An exact copy of every record, with no pictures, please.

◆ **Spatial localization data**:
-- Opening Marker --

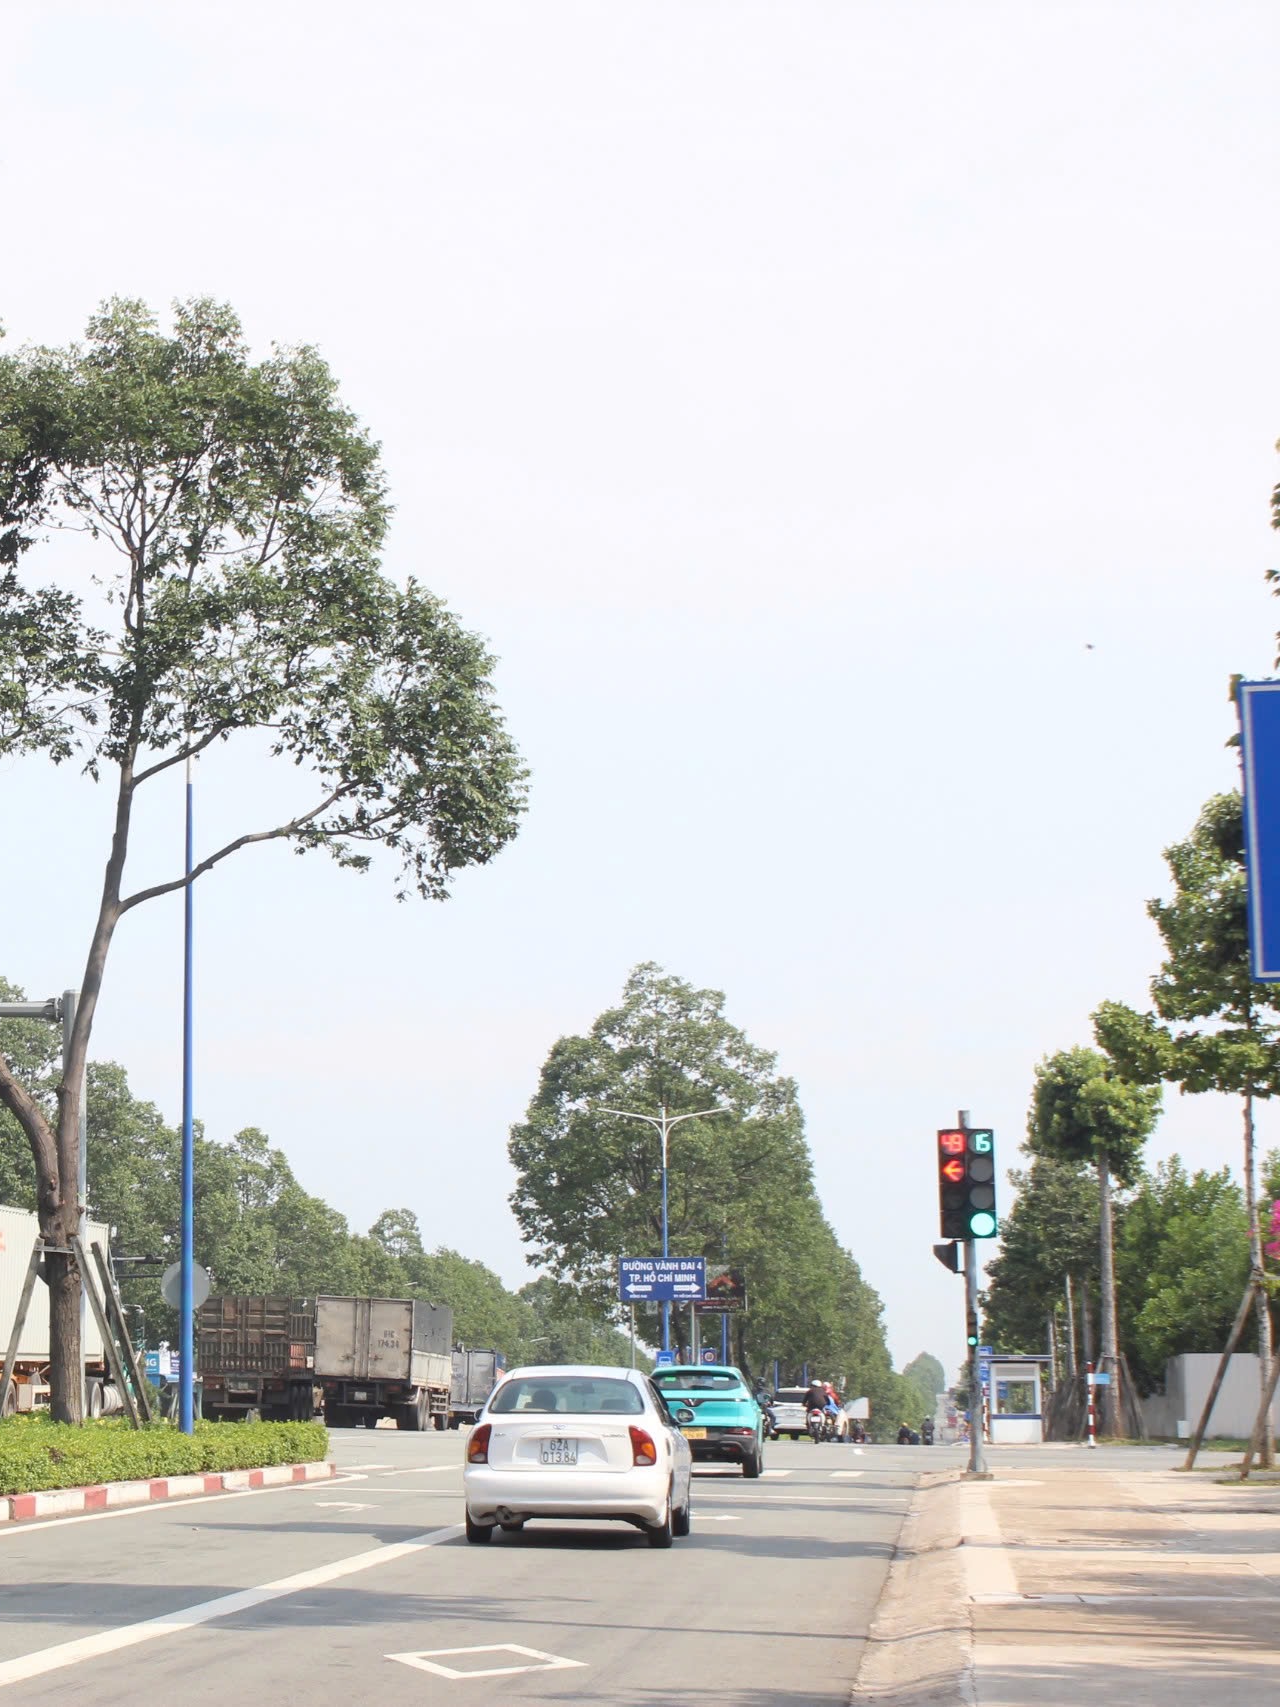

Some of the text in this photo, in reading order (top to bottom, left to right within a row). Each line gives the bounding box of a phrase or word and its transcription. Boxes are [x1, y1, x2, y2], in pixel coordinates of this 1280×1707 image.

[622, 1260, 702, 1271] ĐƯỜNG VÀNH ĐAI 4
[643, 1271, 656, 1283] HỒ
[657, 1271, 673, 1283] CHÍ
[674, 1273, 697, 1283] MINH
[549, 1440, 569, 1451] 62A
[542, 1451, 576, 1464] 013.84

-- Closing Marker --

◆ **Result of the exercise**:
Some of the text in this photo, in reading order (top to bottom, left to right within a row). Each line gives the bounding box of a phrase or word and its transcription. Boxes are [x1, y1, x2, y2], in pixel coordinates of this 1280×1707 image.

[622, 1260, 702, 1271] ĐƯỜNG VÀNH ĐAI 4
[643, 1271, 656, 1283] HỒ
[657, 1271, 673, 1283] CHÍ
[674, 1273, 697, 1283] MINH
[549, 1440, 569, 1451] 62A
[542, 1451, 576, 1464] 013.84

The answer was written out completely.